Article Text

Protocol
Effect of interventions based on educational technologies on the prevention of sexually transmitted infections in incarcerated women: protocol of a systematic review and meta-analysis
  1. Isaiane da Silva Carvalho1,
  2. Ryanne Carolynne Marques Gomes Mendes1,
  3. Priscila de Oliveira Cabral Melo1,
  4. Caroline Ferraz Simões2,
  5. Luciana Pedrosa Leal1,
  6. Tatiane Gomes Guedes1,
  7. Gabriela Isabel Reyes Ormeno3,
  8. Francisca Márcia Pereira Linhares1
  1. 1Nursing Postgraduate Program, Federal University of Pernambuco, Recife, Brazil
  2. 2Physical Education Postgraduate Program, State University of Maringá, Maringa, Brazil
  3. 3Department of Education, Federal University of Parana, Curitiba, Brazil
  1. Correspondence to Dr Isaiane da Silva Carvalho; isaianekarvalho{at}hotmail.com

Abstract

Introduction Prisons are places with high vulnerability and high risk for the development of sexually transmitted infections. World Health Agencies recommend establishing intervention measures, such as information and education, on the prevention of diseases. Thus, technologies as tools for health education have been used to reduce sexually transmitted infections. However, no systematic review has investigated the effectiveness of these interventions. Therefore, this review’s objective is to examine the effect of educational technologies used for preventing sexually transmitted infections in incarcerated women.
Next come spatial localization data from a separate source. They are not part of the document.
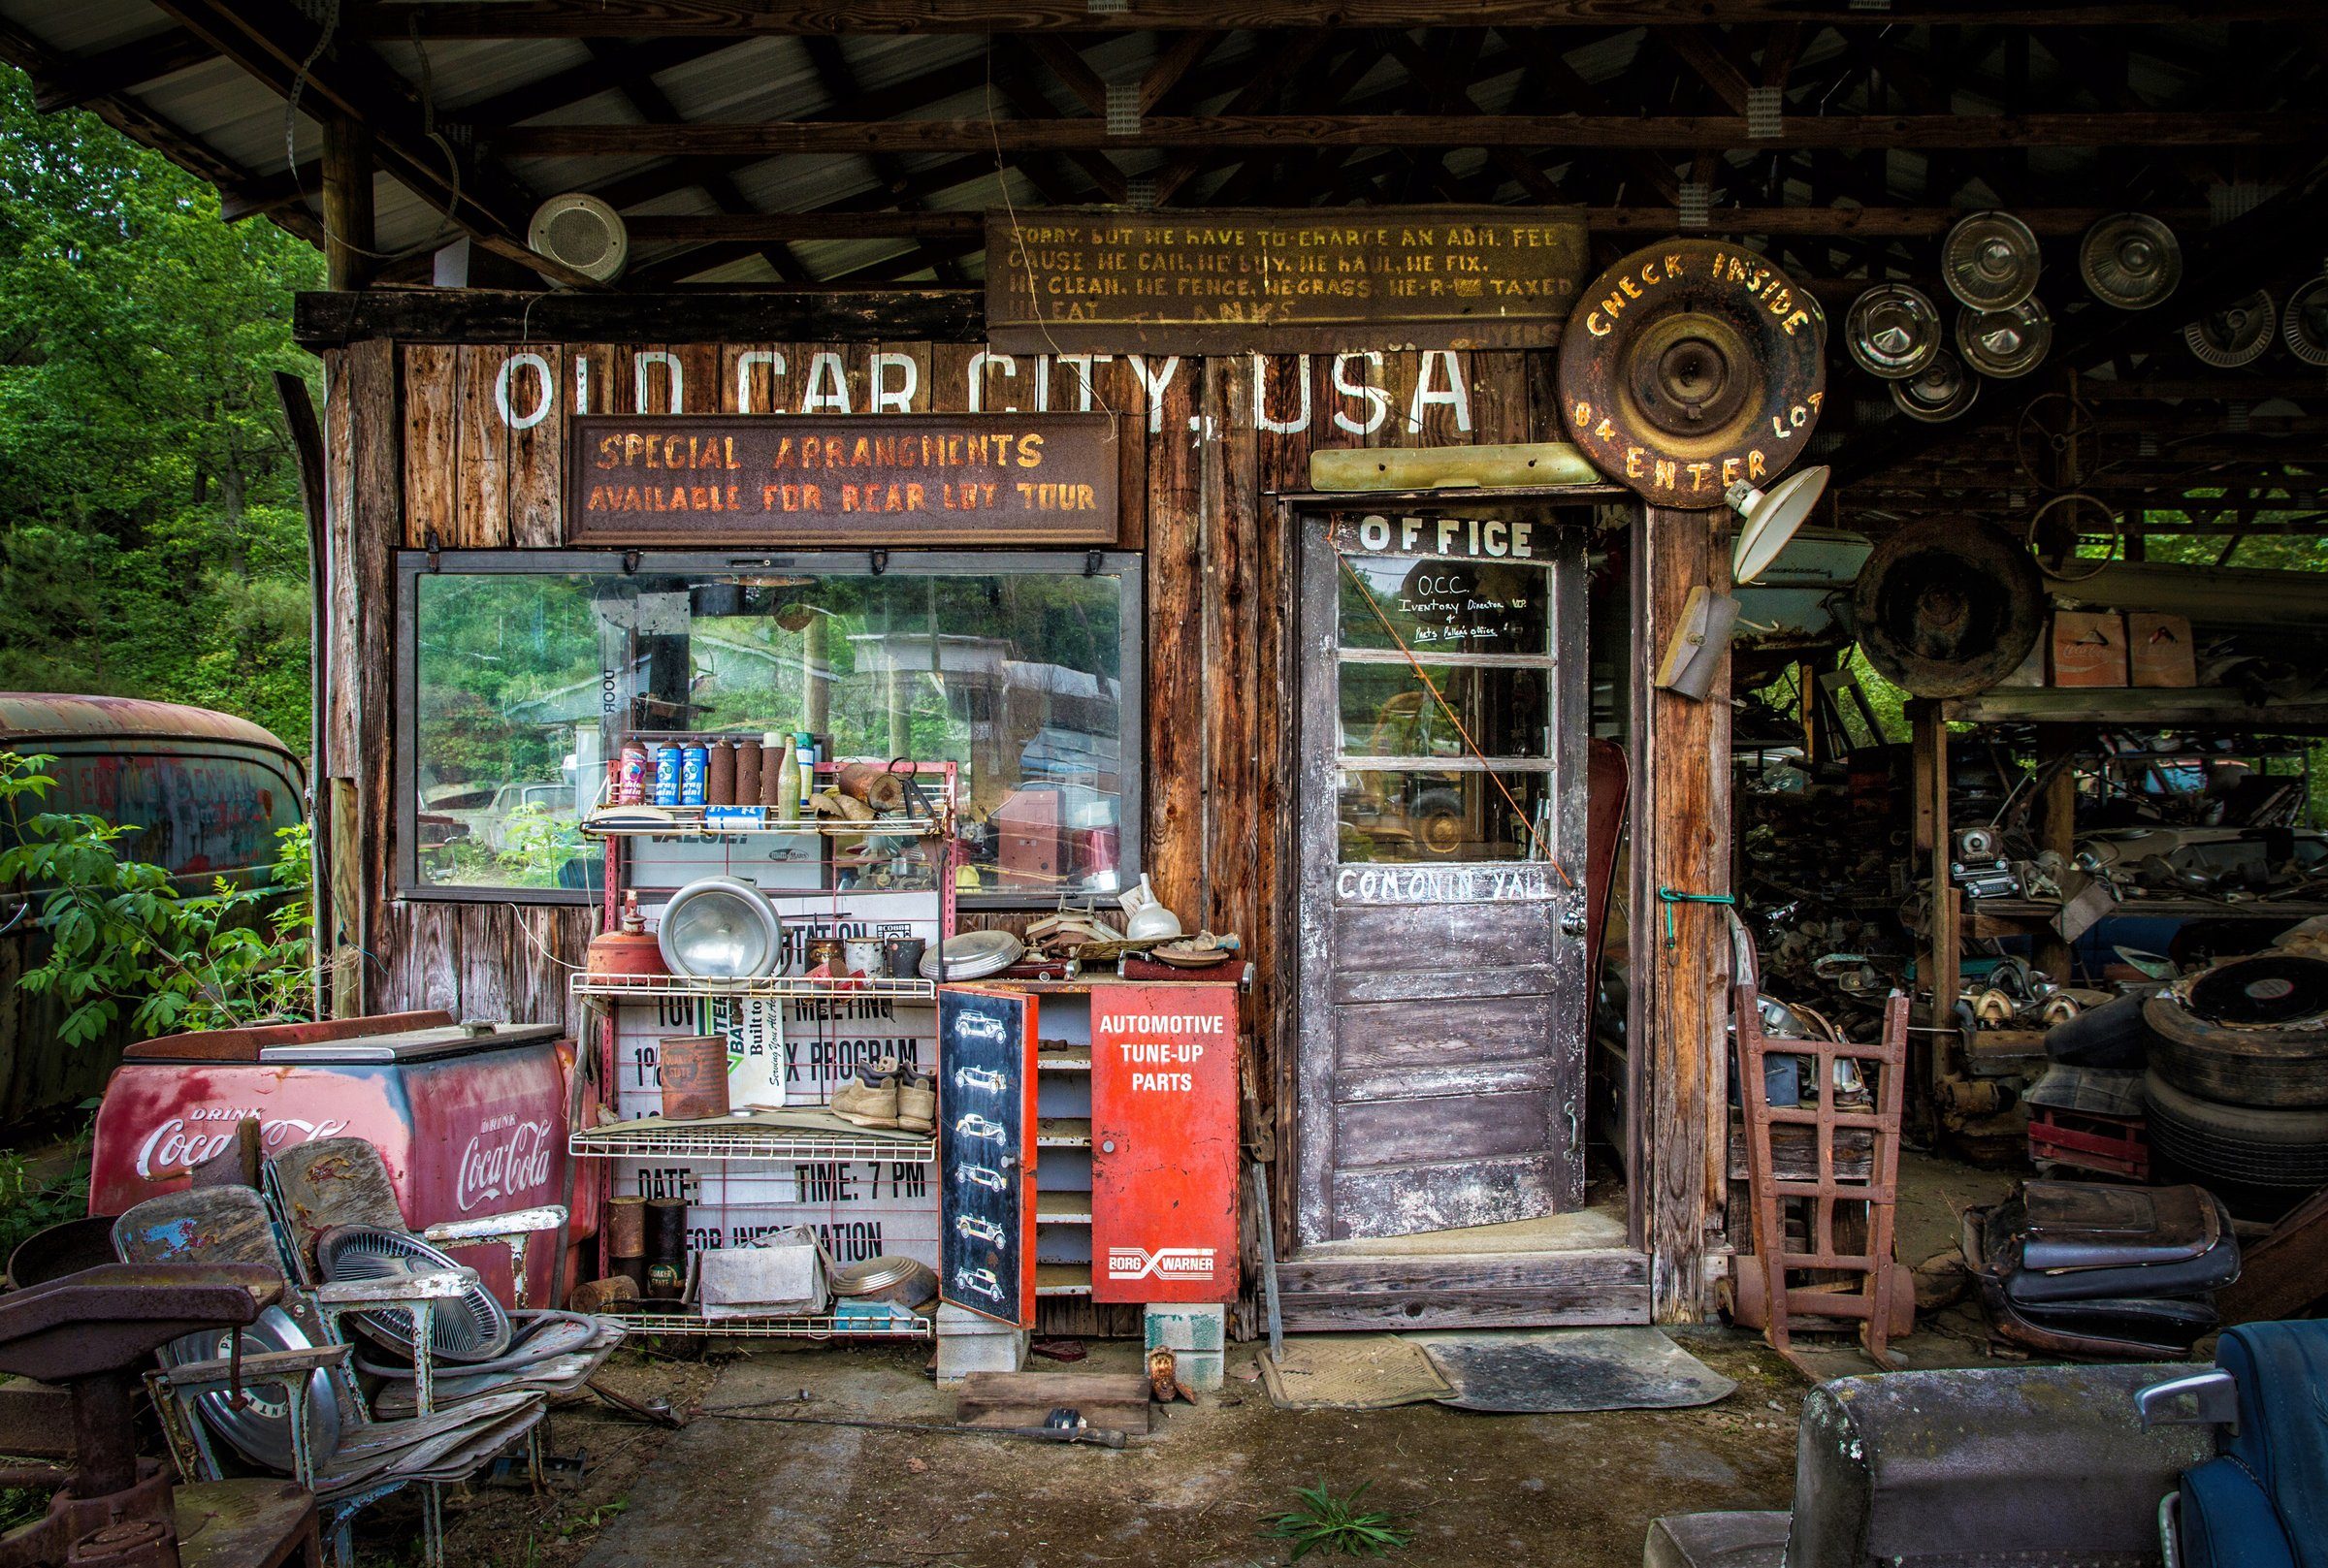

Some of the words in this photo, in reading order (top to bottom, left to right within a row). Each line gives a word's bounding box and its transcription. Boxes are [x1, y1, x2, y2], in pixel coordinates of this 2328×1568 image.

[1402, 228, 1435, 246] AN
[1446, 228, 1502, 247] ADM.
[1008, 249, 1083, 272] CAUSE
[1446, 254, 1489, 272] FIX.
[1137, 277, 1169, 296] WE
[1490, 278, 1573, 297] TAXED
[1586, 254, 1684, 336] CHECK
[1712, 252, 1810, 336] INSIDE
[1051, 301, 1100, 320] EAT
[737, 351, 916, 415] CAR
[1254, 350, 1472, 435] USA
[596, 432, 741, 470] SPECIAL
[1574, 401, 1616, 442] B4
[1626, 446, 1767, 492] ENTER
[1772, 391, 1824, 439] LOT
[586, 483, 742, 512] AVAILABLE
[762, 483, 822, 513] FOR
[842, 483, 926, 513] REAR
[944, 482, 996, 513] LOT
[1017, 481, 1098, 512] TOUR
[1360, 514, 1532, 558] OFFICE
[603, 670, 616, 713] DOOR
[752, 1001, 762, 1015] to
[1099, 1014, 1224, 1035] AUTOMOTIVE
[750, 1017, 763, 1056] Built
[1120, 1043, 1204, 1064] TUNE-UP
[1132, 1072, 1192, 1092] PARTS
[190, 1107, 267, 1121] DRINK
[481, 1113, 517, 1136] DRINK
[457, 1118, 553, 1211] Coca-Cola
[794, 1162, 858, 1203] TIME:
[868, 1161, 882, 1200] 7
[891, 1161, 927, 1199] PM
[1109, 1257, 1142, 1270] BORG
[1162, 1257, 1213, 1271] WARNER
Methods and analysis Preferred Reporting Items for Systematic Reviews and Meta-Analyses guidelines will be strictly followed. The following electronic databases will be searched: Scopus; Cumulative Index of Nursing and Allied Health, Education Resources Information Center, Embase, PsycINFO, PubMed/Medline, Web of Science and Google Scholar. Randomised clinical trials of interventions that used educational technologies to prevent sexually transmitted infections in incarcerated women will be searched in the databases from the beginning of 2020 until December by two researchers independently. A narrative synthesis will be constructed for all included studies, and if there are sufficient data, a meta-analysis will be performed using the Review Manager software (V.5.3). Continuous results will be presented as the weighted mean difference or the standardised mean difference with 95% CIs. Under the heterogeneity of the included studies, a random-effects or fixed-effects model will be used. The studies’ heterogeneity will be assessed by the I2 method. The sensitivity analysis will be carried out to examine the magnitude of each study’s influence on the general results. A significance level of p≤0.05 will be adopted.

Ethics and disclosure Ethical approval is not required because no primary data will be collected. The results will be published in journals reviewed by peers.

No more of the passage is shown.